##### Input data

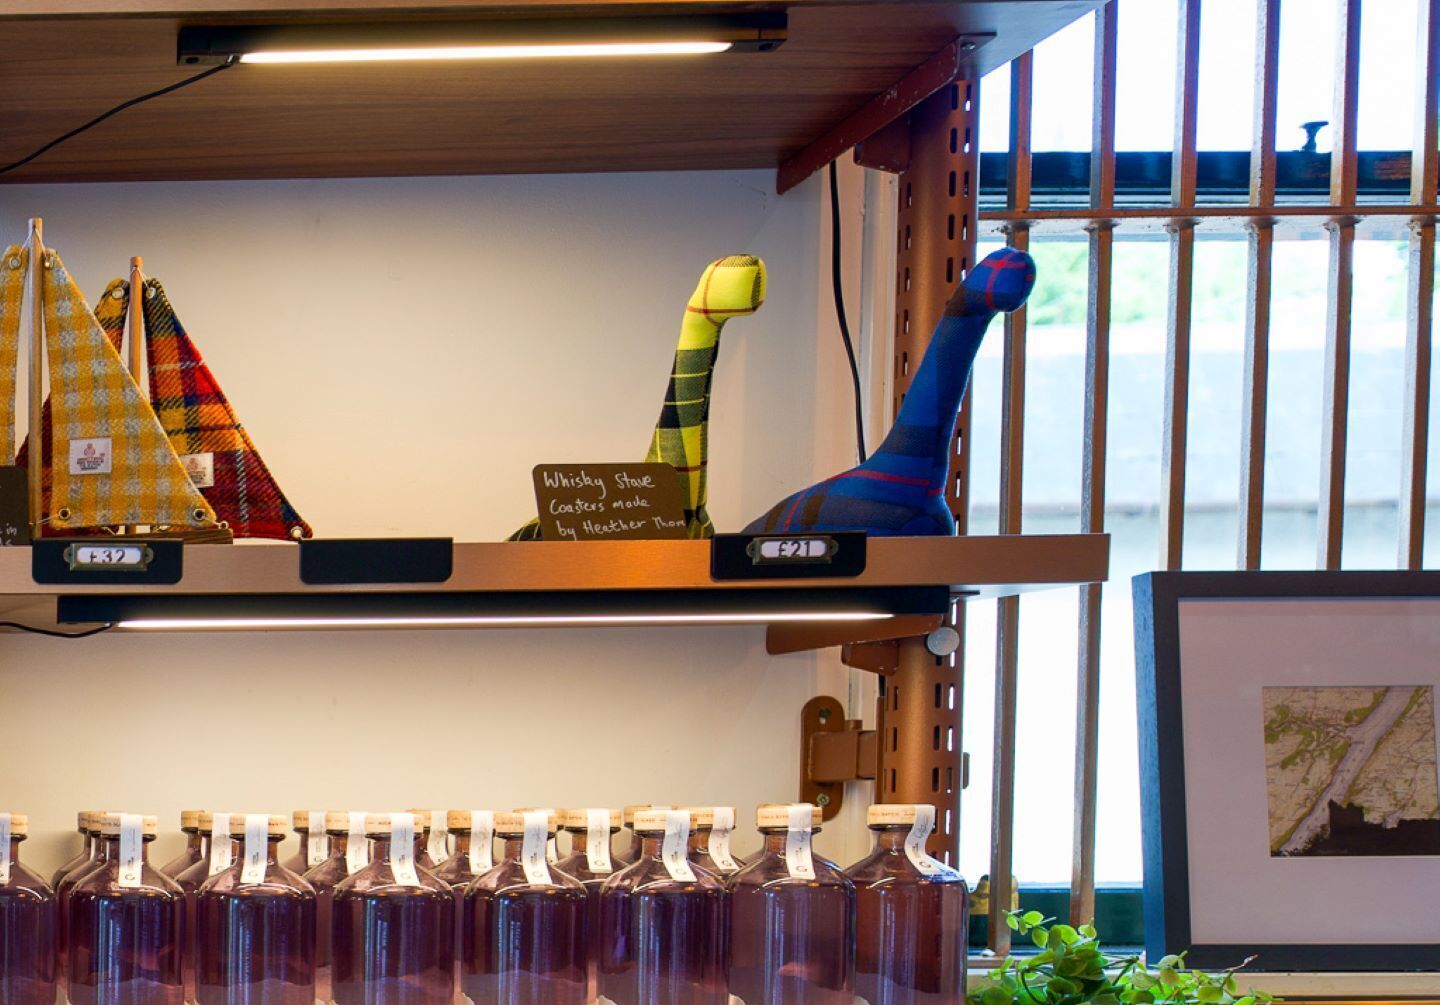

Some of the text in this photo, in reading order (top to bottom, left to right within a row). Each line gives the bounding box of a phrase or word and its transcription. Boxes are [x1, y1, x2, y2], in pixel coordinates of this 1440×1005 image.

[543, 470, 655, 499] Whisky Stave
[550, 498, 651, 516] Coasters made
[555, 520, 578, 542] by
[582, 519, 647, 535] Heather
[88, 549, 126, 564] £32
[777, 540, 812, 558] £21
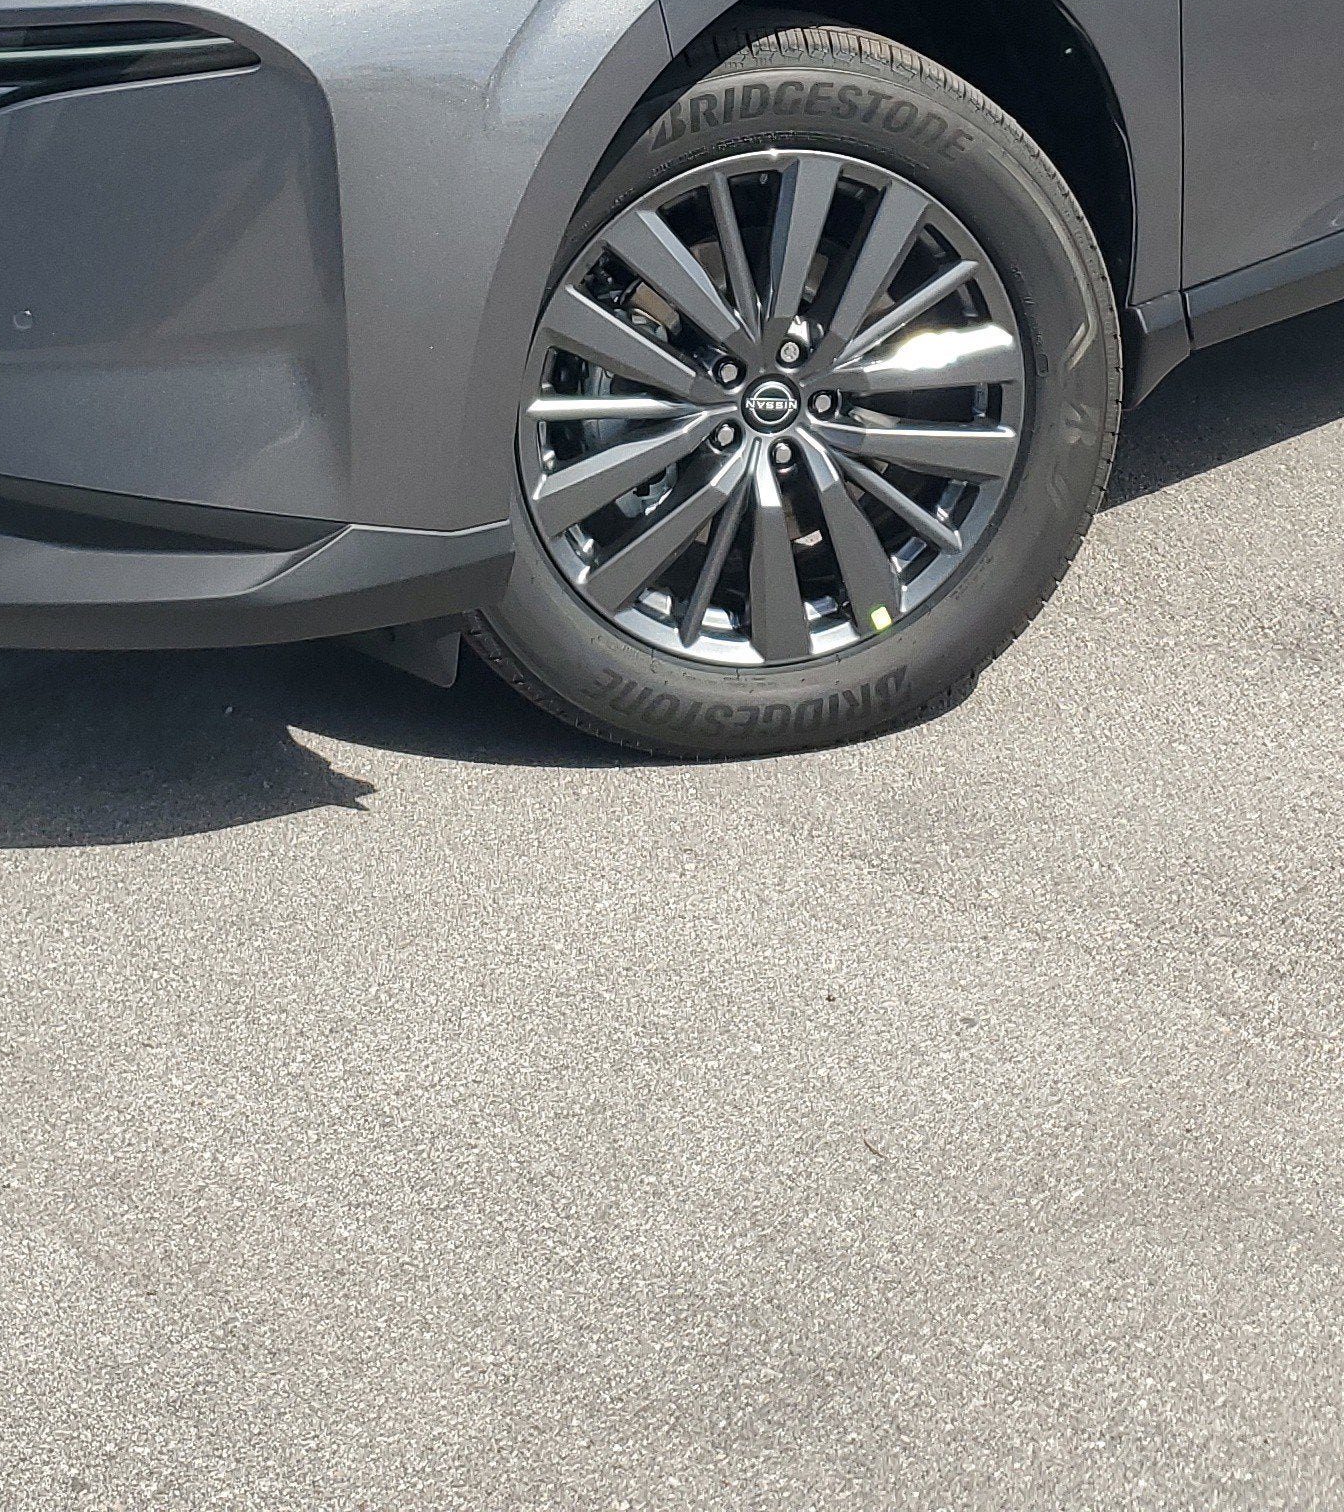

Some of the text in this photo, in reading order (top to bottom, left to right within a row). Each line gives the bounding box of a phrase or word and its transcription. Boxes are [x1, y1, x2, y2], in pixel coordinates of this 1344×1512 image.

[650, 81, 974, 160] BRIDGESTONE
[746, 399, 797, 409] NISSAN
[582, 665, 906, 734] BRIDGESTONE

##########

▶ _Your instructions_
The line containing "this 1344×1512 image." and all lines after it, to the end of the records, are to be output exactly and alone.

▶ _Response to the task_
Some of the text in this photo, in reading order (top to bottom, left to right within a row). Each line gives the bounding box of a phrase or word and its transcription. Boxes are [x1, y1, x2, y2], in pixel coordinates of this 1344×1512 image.

[650, 81, 974, 160] BRIDGESTONE
[746, 399, 797, 409] NISSAN
[582, 665, 906, 734] BRIDGESTONE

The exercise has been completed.